[GIVEN RECORDS]:
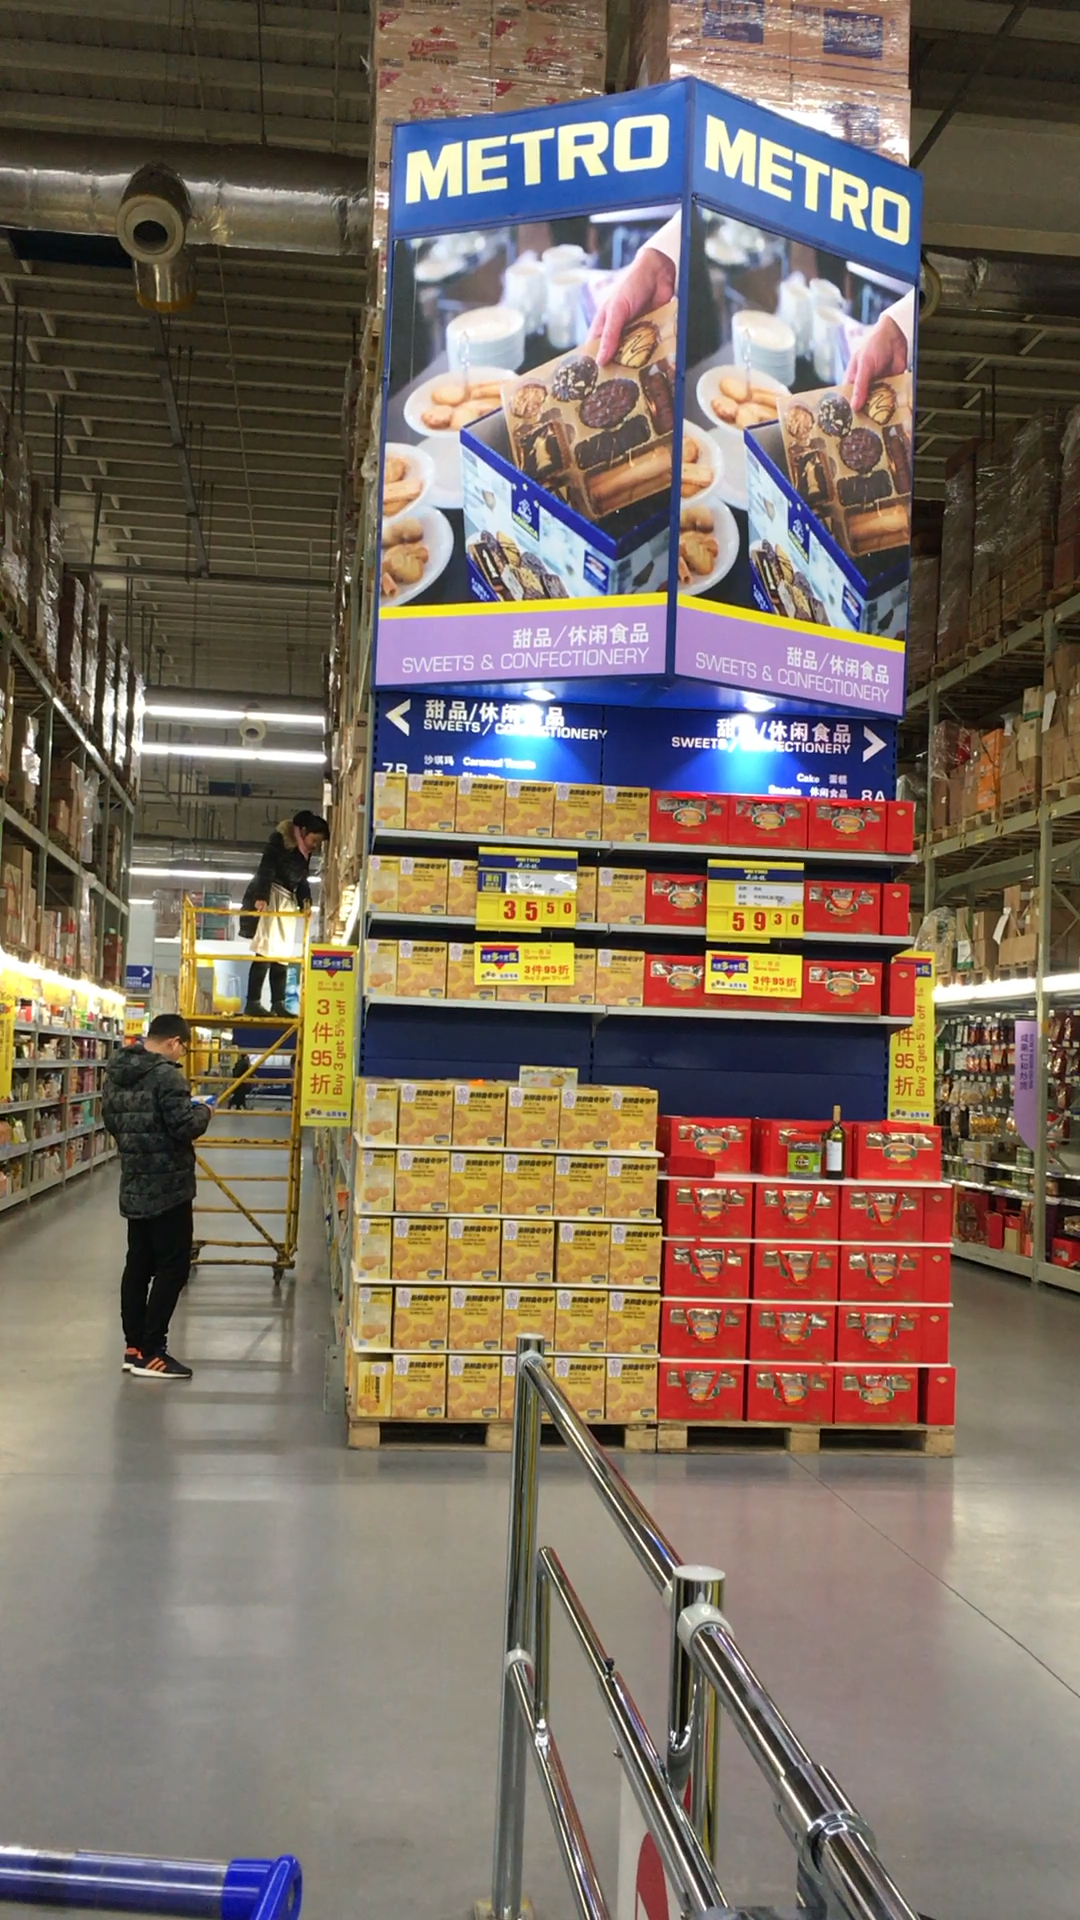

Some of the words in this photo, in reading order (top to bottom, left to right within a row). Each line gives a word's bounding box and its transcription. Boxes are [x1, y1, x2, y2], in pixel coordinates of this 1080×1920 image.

[405, 114, 670, 205] METRO
[704, 114, 911, 246] METRO
[513, 622, 650, 649] 甜品/休闲食品
[402, 656, 474, 674] SWEETS
[480, 654, 495, 671] &
[500, 647, 650, 670] CONFECTIONERY
[787, 646, 890, 685] 甜品/休闲食品
[695, 651, 757, 679] SWEETS
[762, 665, 773, 682] &
[777, 668, 890, 704] CONFECTIONERY
[425, 699, 565, 728] 甜品/休闲品
[717, 717, 851, 744] 甜/休闲食品
[796, 773, 820, 784] Cake
[335, 999, 346, 1015] off
[917, 1004, 926, 1019] off
[335, 1040, 347, 1060] get
[917, 1042, 927, 1062] get
[334, 1064, 344, 1073] 3
[916, 1064, 925, 1074] 3
[333, 1072, 347, 1096] Buy
[916, 1074, 928, 1098] Buy
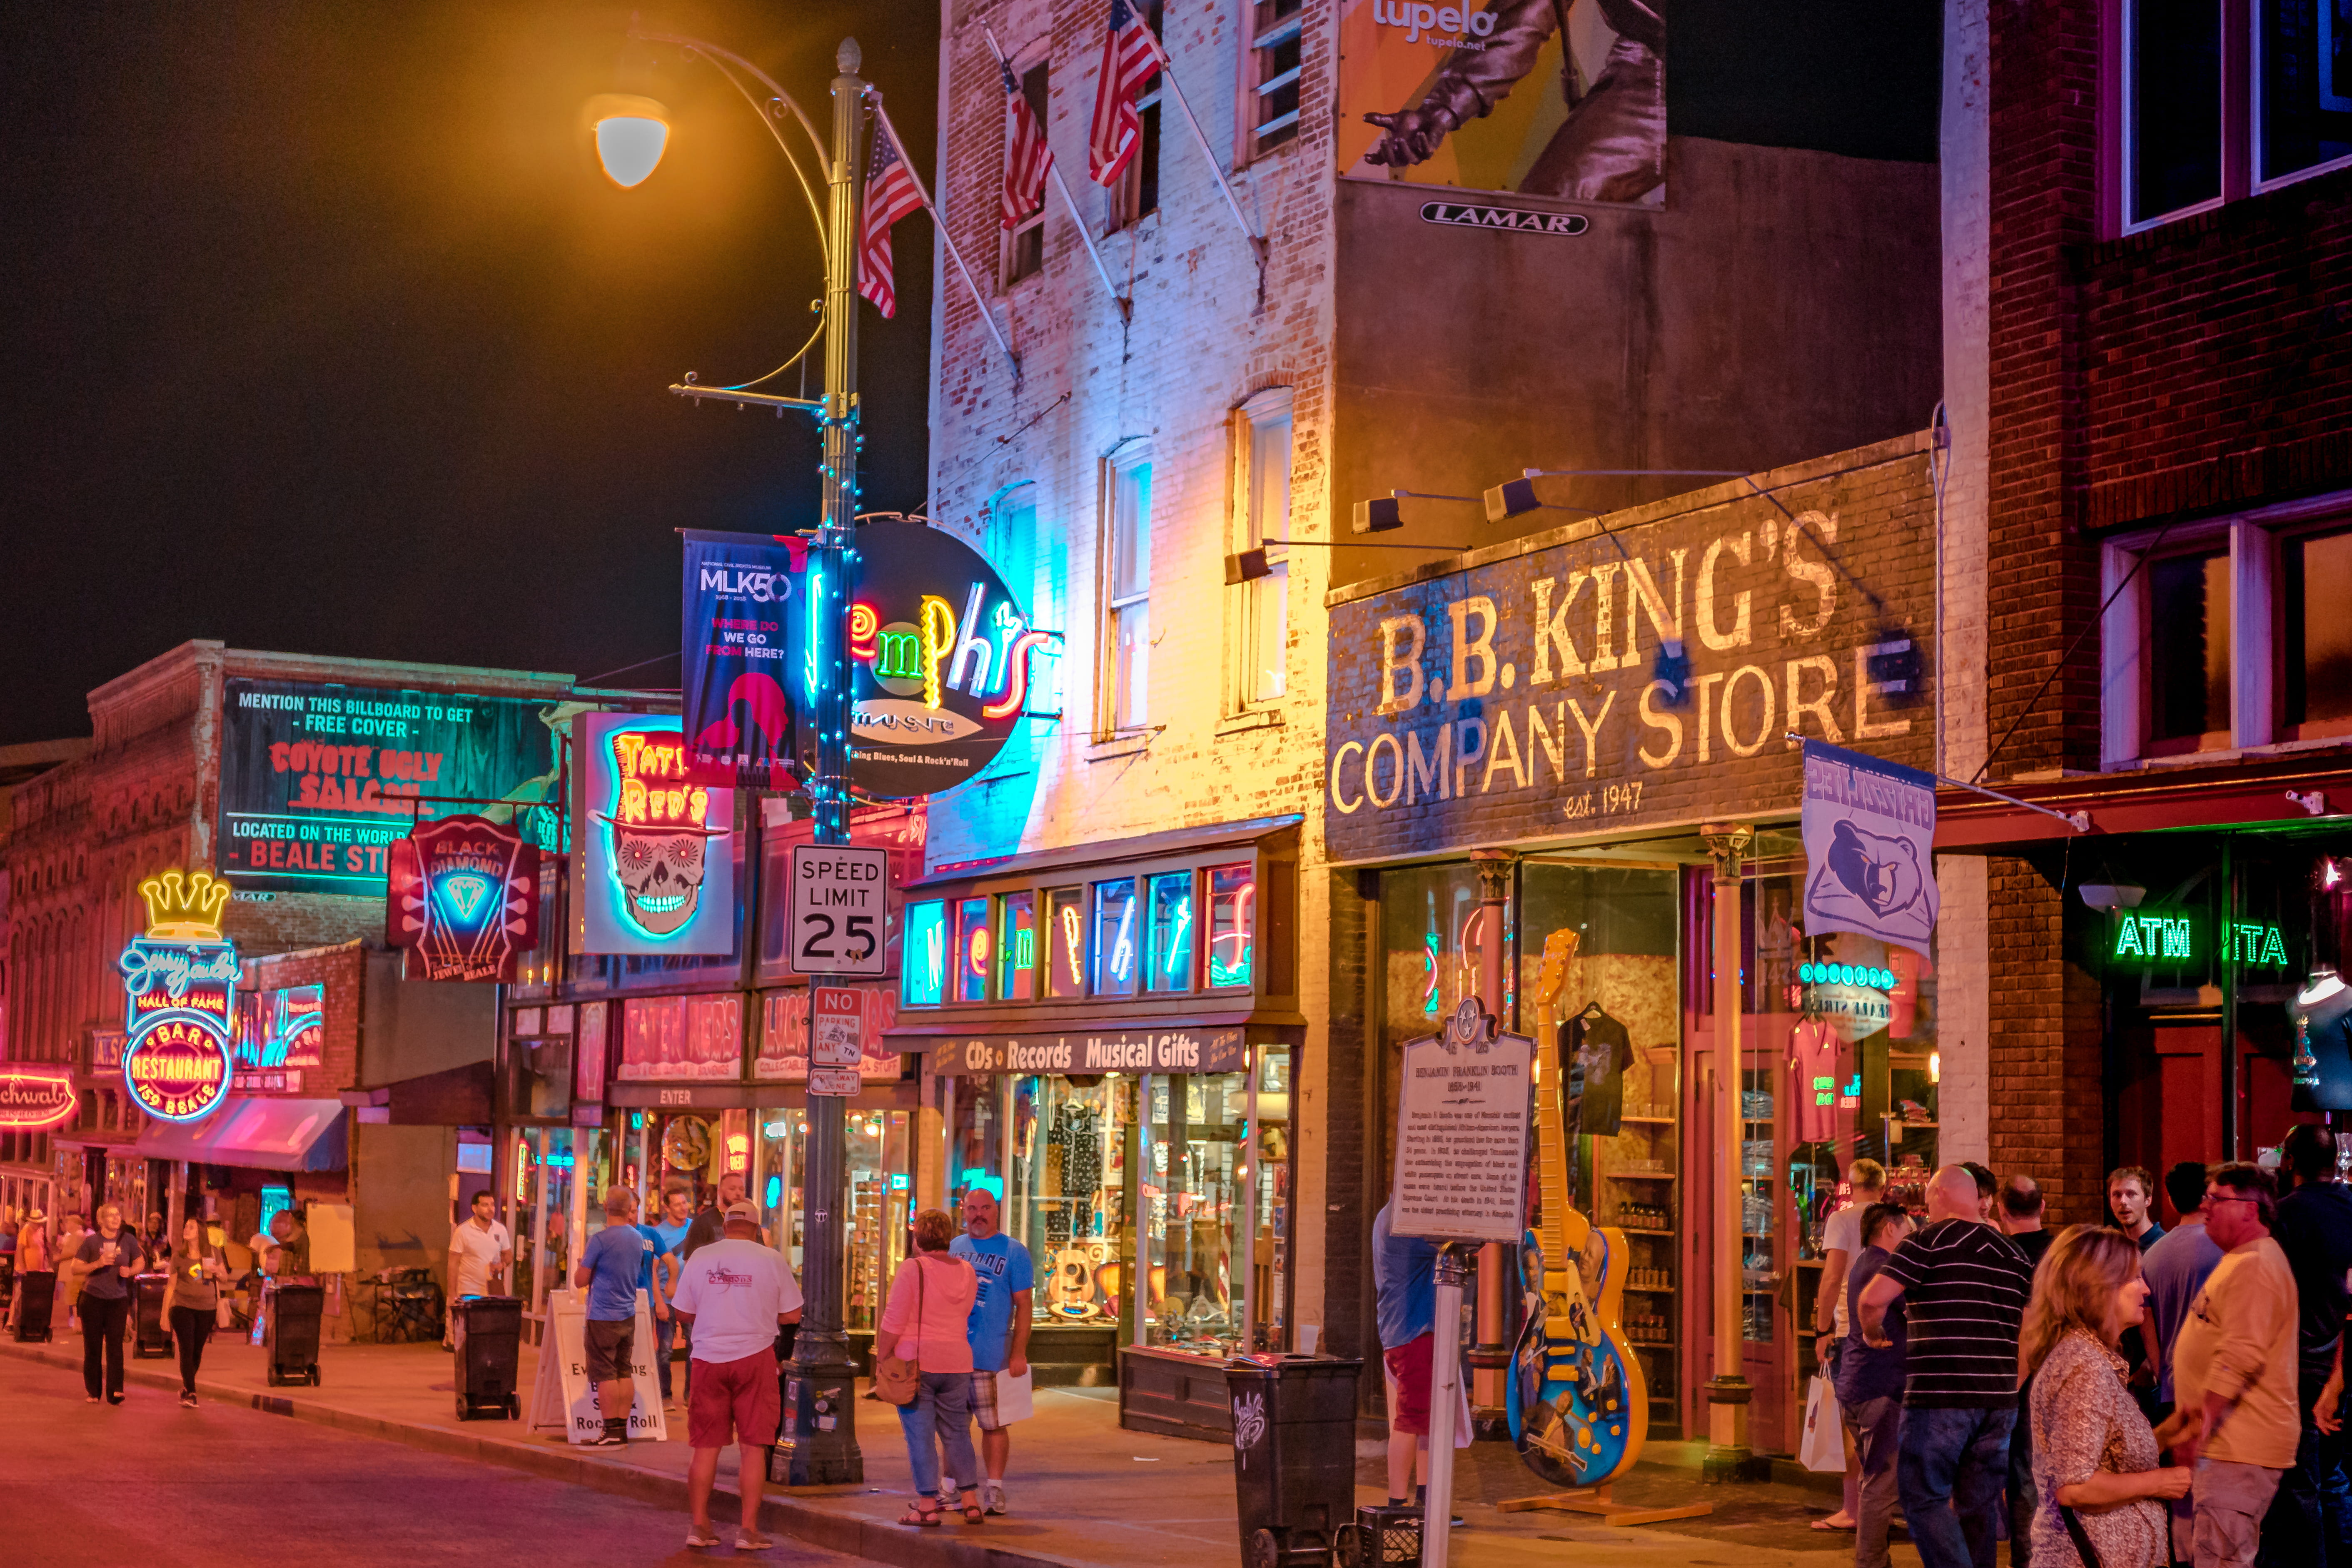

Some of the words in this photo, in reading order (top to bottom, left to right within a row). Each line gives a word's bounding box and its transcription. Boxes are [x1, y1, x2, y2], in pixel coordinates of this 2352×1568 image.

[1426, 34, 1486, 51] tupelo.net
[1434, 205, 1571, 232] LAMAR
[701, 569, 792, 603] MLK50
[1377, 595, 1516, 716] B.B.
[1530, 509, 1838, 686] KING'S
[711, 618, 757, 631] WHERE
[760, 621, 779, 632] DO
[724, 632, 744, 643] WE
[747, 634, 766, 644] GO
[706, 645, 742, 656] FROM
[745, 647, 784, 659] HERE?
[239, 692, 304, 711] MENTION
[309, 697, 341, 714] THIS
[346, 700, 420, 720] BILLBOARD
[424, 705, 443, 720] TO
[446, 707, 474, 723] GET
[305, 714, 346, 733] FREE
[352, 717, 407, 738] COVER
[1331, 690, 1616, 815] COMPANY
[1639, 639, 1913, 769] STORE
[269, 740, 373, 777] COYOTE
[379, 749, 443, 781] UGLY
[873, 752, 897, 763] Blues,
[899, 754, 916, 763] Soul
[917, 755, 923, 764] &
[622, 779, 707, 822] RED'S
[1563, 789, 1596, 820] est.
[1602, 780, 1643, 815] 1947
[233, 822, 294, 839] LOCATED
[300, 825, 319, 840] ON
[324, 826, 351, 842] THE
[251, 840, 335, 870] BEALE
[436, 840, 499, 855] BLACK
[430, 856, 504, 877] DIAMOND
[801, 860, 879, 881] SPEED
[810, 887, 870, 907] LIMIT
[801, 913, 876, 960] 25
[2116, 917, 2191, 957] ATM
[138, 996, 169, 1008] HALL
[171, 997, 187, 1008] OF
[191, 997, 224, 1010] FAME
[825, 993, 853, 1010] NO
[819, 1017, 856, 1028] PARKING
[157, 1022, 201, 1045] BAR
[843, 1046, 855, 1057] TN
[965, 1040, 993, 1070] CDs
[1007, 1037, 1072, 1070] Records
[1085, 1035, 1153, 1068] Musical
[1157, 1032, 1200, 1067] Gifts
[1446, 1042, 1457, 1055] 4E
[1475, 1041, 1489, 1054] 126
[132, 1057, 222, 1080] RESTAURANT
[874, 1059, 897, 1073] STUFF
[1416, 1067, 1449, 1078] BENJAMIN
[1453, 1066, 1489, 1077] FRANKLIN
[1491, 1064, 1519, 1076] BOOTH
[0, 1082, 63, 1104] chwab
[137, 1084, 160, 1106] 159
[166, 1084, 216, 1114] BEALE
[660, 1089, 691, 1104] ENTER
[577, 1417, 603, 1430] Roc
[630, 1415, 657, 1428] Roll

[YOUR ASSIGNMENT]:
From the first line to the last, repeat the data above exactly and leave the pictures out.

[OUTPUT OF THE EXERCISE]:
Some of the words in this photo, in reading order (top to bottom, left to right within a row). Each line gives a word's bounding box and its transcription. Boxes are [x1, y1, x2, y2], in pixel coordinates of this 1080×1920 image.

[405, 114, 670, 205] METRO
[704, 114, 911, 246] METRO
[513, 622, 650, 649] 甜品/休闲食品
[402, 656, 474, 674] SWEETS
[480, 654, 495, 671] &
[500, 647, 650, 670] CONFECTIONERY
[787, 646, 890, 685] 甜品/休闲食品
[695, 651, 757, 679] SWEETS
[762, 665, 773, 682] &
[777, 668, 890, 704] CONFECTIONERY
[425, 699, 565, 728] 甜品/休闲品
[717, 717, 851, 744] 甜/休闲食品
[796, 773, 820, 784] Cake
[335, 999, 346, 1015] off
[917, 1004, 926, 1019] off
[335, 1040, 347, 1060] get
[917, 1042, 927, 1062] get
[334, 1064, 344, 1073] 3
[916, 1064, 925, 1074] 3
[333, 1072, 347, 1096] Buy
[916, 1074, 928, 1098] Buy

Some of the words in this photo, in reading order (top to bottom, left to right within a row). Each line gives a word's bounding box and its transcription. Boxes are [x1, y1, x2, y2], in pixel coordinates of this 2352×1568 image.

[1426, 34, 1486, 51] tupelo.net
[1434, 205, 1571, 232] LAMAR
[701, 569, 792, 603] MLK50
[1377, 595, 1516, 716] B.B.
[1530, 509, 1838, 686] KING'S
[711, 618, 757, 631] WHERE
[760, 621, 779, 632] DO
[724, 632, 744, 643] WE
[747, 634, 766, 644] GO
[706, 645, 742, 656] FROM
[745, 647, 784, 659] HERE?
[239, 692, 304, 711] MENTION
[309, 697, 341, 714] THIS
[346, 700, 420, 720] BILLBOARD
[424, 705, 443, 720] TO
[446, 707, 474, 723] GET
[305, 714, 346, 733] FREE
[352, 717, 407, 738] COVER
[1331, 690, 1616, 815] COMPANY
[1639, 639, 1913, 769] STORE
[269, 740, 373, 777] COYOTE
[379, 749, 443, 781] UGLY
[873, 752, 897, 763] Blues,
[899, 754, 916, 763] Soul
[917, 755, 923, 764] &
[622, 779, 707, 822] RED'S
[1563, 789, 1596, 820] est.
[1602, 780, 1643, 815] 1947
[233, 822, 294, 839] LOCATED
[300, 825, 319, 840] ON
[324, 826, 351, 842] THE
[251, 840, 335, 870] BEALE
[436, 840, 499, 855] BLACK
[430, 856, 504, 877] DIAMOND
[801, 860, 879, 881] SPEED
[810, 887, 870, 907] LIMIT
[801, 913, 876, 960] 25
[2116, 917, 2191, 957] ATM
[138, 996, 169, 1008] HALL
[171, 997, 187, 1008] OF
[191, 997, 224, 1010] FAME
[825, 993, 853, 1010] NO
[819, 1017, 856, 1028] PARKING
[157, 1022, 201, 1045] BAR
[843, 1046, 855, 1057] TN
[965, 1040, 993, 1070] CDs
[1007, 1037, 1072, 1070] Records
[1085, 1035, 1153, 1068] Musical
[1157, 1032, 1200, 1067] Gifts
[1446, 1042, 1457, 1055] 4E
[1475, 1041, 1489, 1054] 126
[132, 1057, 222, 1080] RESTAURANT
[874, 1059, 897, 1073] STUFF
[1416, 1067, 1449, 1078] BENJAMIN
[1453, 1066, 1489, 1077] FRANKLIN
[1491, 1064, 1519, 1076] BOOTH
[0, 1082, 63, 1104] chwab
[137, 1084, 160, 1106] 159
[166, 1084, 216, 1114] BEALE
[660, 1089, 691, 1104] ENTER
[577, 1417, 603, 1430] Roc
[630, 1415, 657, 1428] Roll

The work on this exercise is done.